Characterization of human phosphoserine aminotransferase involved in the phosphorylated pathway of l-serine biosynthesis

Abstract

In the present study, we first report two forms of human phosphoserine aminotransferase (PSAT) cDNA (HsPSATα and HsPSATβ). HsPSATα has a predicted open reading frame comprising 324 amino acids, encoding a 35.2 kDa protein (PSATα), whereas HsPSATβ consists of an open reading frame comprising 370 amino acids that encodes a 40 kDa protein (PSATβ). PSATα is identical with PSATβ, except that it lacks 46 amino acids between Val290 and Ser337 of PSATβ, which is encoded by the entire exon 8 (138 bp). Both PSATα and PSATβ can functionally rescue the deletion mutation of the Saccharomyces cerevisiae counterpart. Reverse transcriptase–PCR analysis revealed that the expression of PSATβ mRNA was more dominant when compared with PSATα mRNA in all human cell lines tested.
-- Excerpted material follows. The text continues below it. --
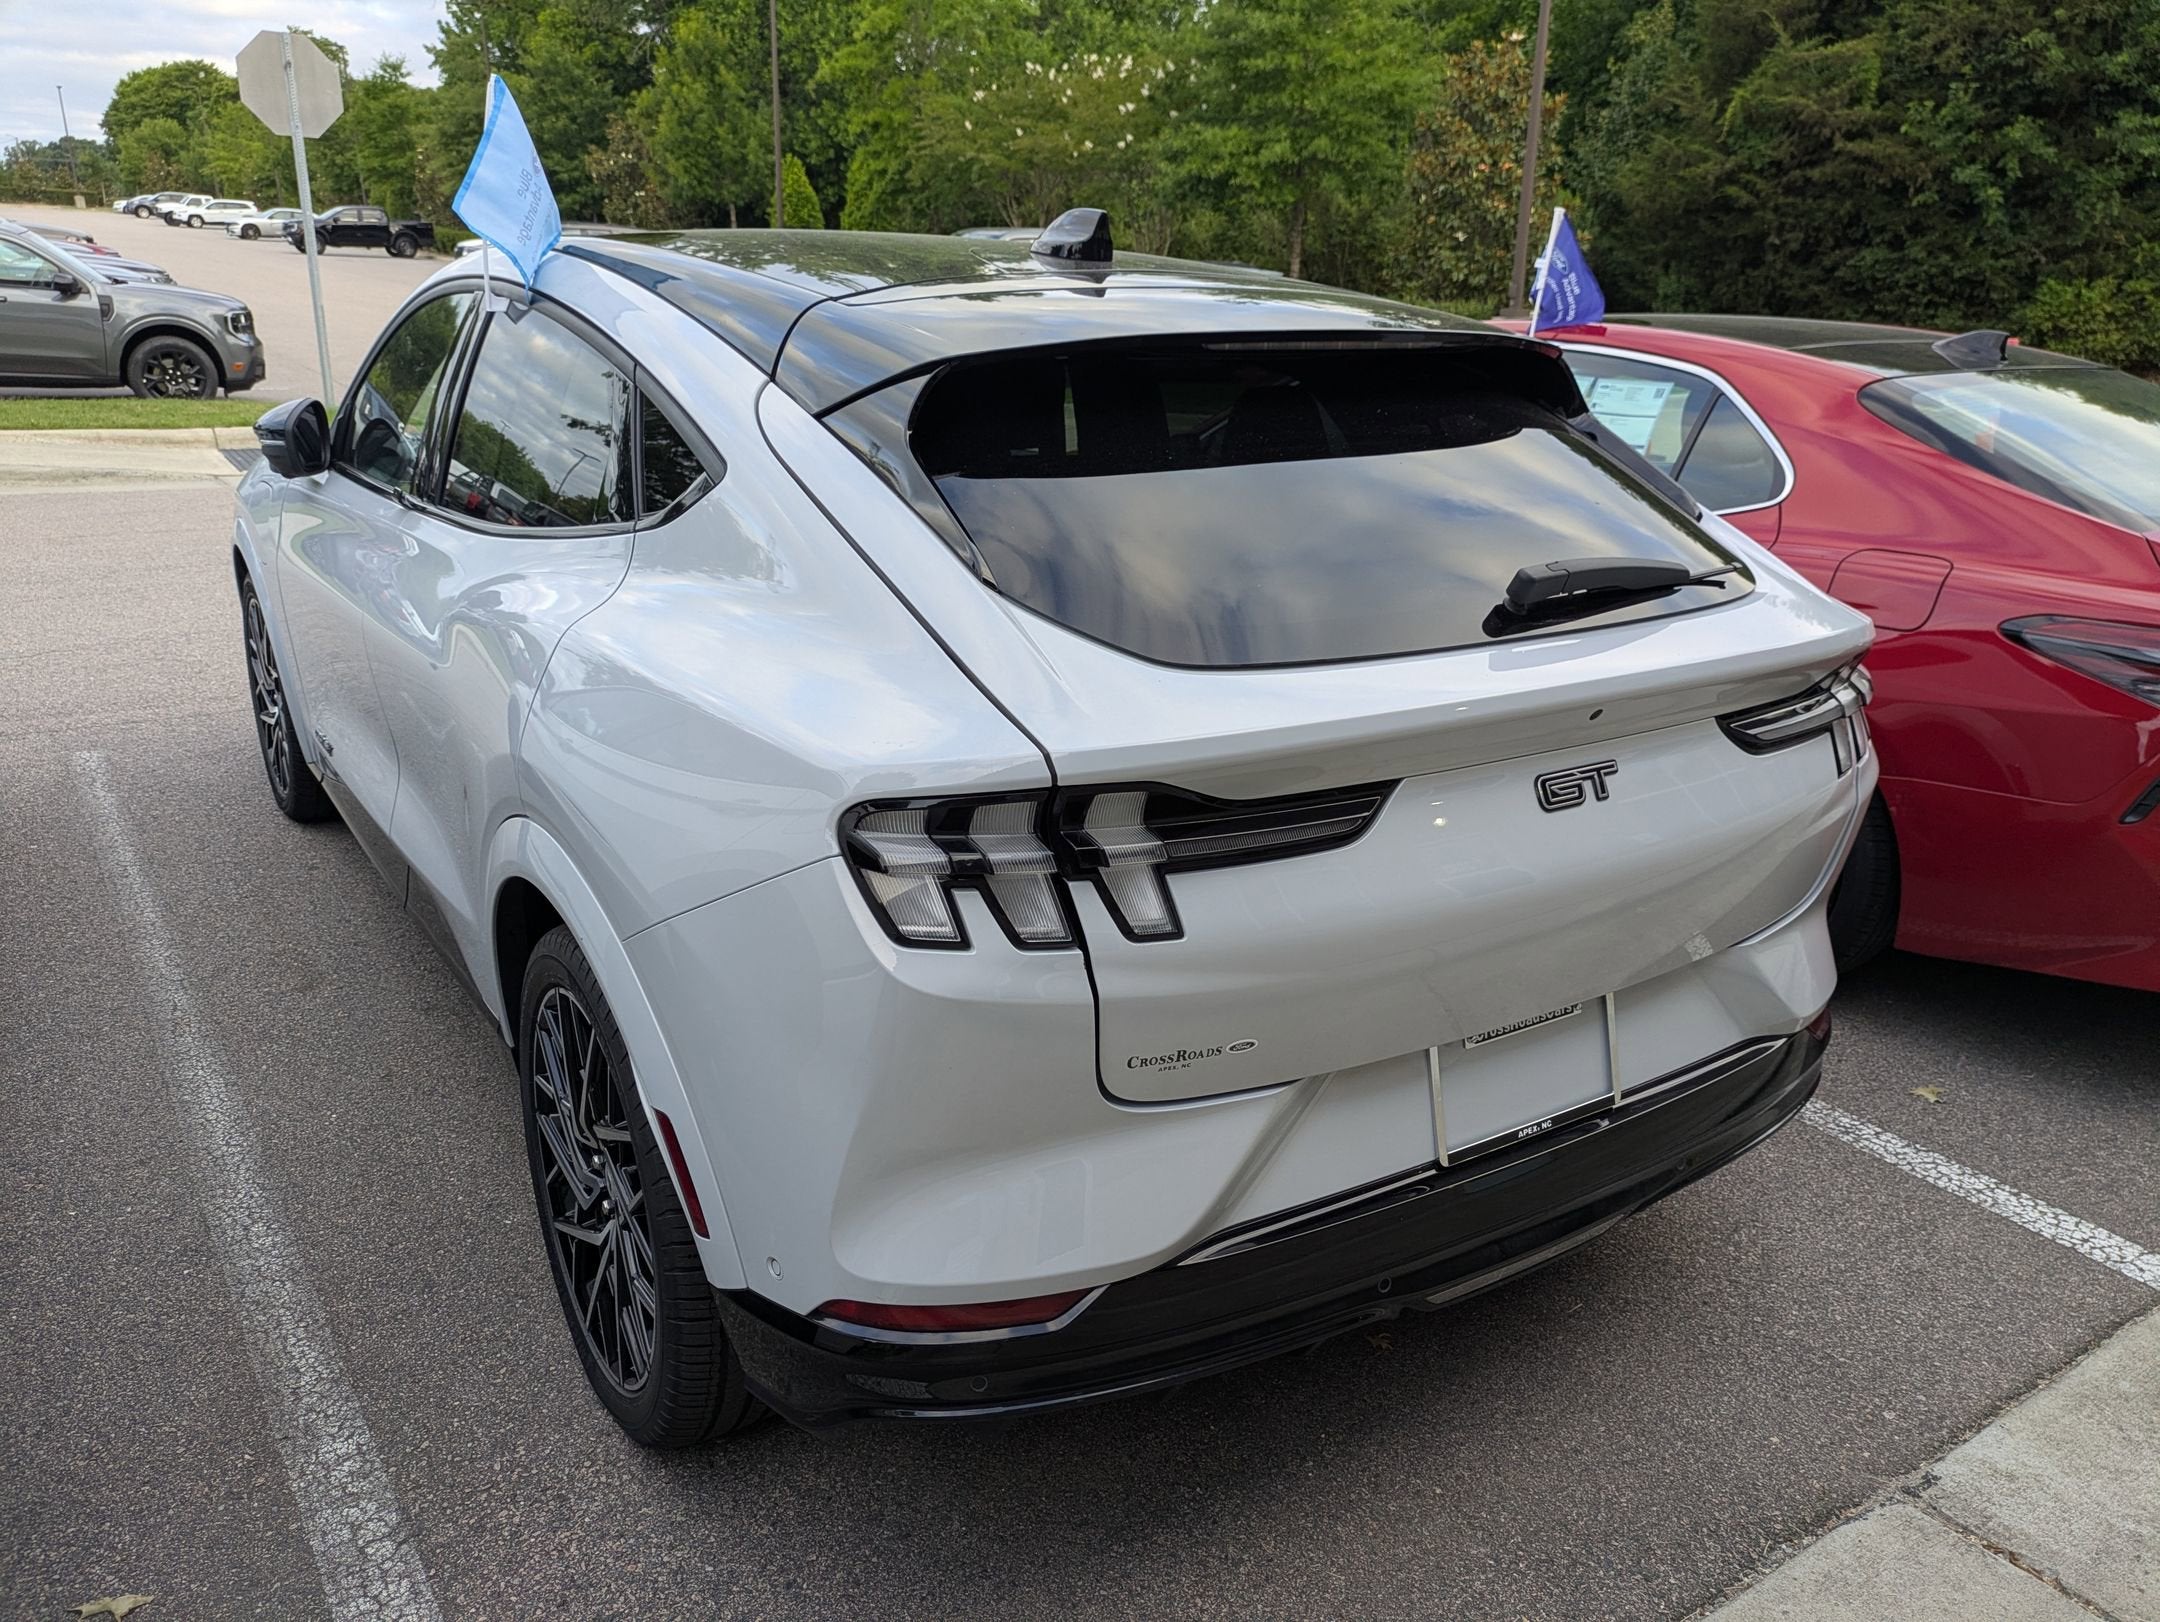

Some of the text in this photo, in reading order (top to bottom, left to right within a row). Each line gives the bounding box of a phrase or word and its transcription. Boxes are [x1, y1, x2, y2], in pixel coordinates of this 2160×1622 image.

[1534, 759, 1619, 813] GT
[1518, 1120, 1552, 1138] APEX, NC
PSATβ was easily detected in proportion to the level of mRNA; however, PSATα was detected only in K562 and HepG2 cells as a very faint band. The relative enzyme activity of glutathione S-transferase (GST)–PSATβ expressed in Escherichia coli appeared to be 6.8 times higher than that of GST–PSATα. PSAT mRNA was expressed at high levels (approx. 2.2 kb) in the brain, liver, kidney and pancreas, and very weakly expressed in the thymus, prostate, testis and colon. In U937 cells, the levels of PSAT mRNA and protein appeared to be up-regulated to support proliferation. Accumulation of PSAT mRNA reached a maximum in the S-phase of Jurkat T-cells. These results demonstrate that although two isoforms of human PSAT can be produced by alternative splicing, PSATβ rather than PSATα is the physiologically functional enzyme required for the phosphorylated pathway, and indicate that the human PSAT gene is regulated depending on tissue specificity as well as cellular proliferation status with a maximum level expression in the S-phase.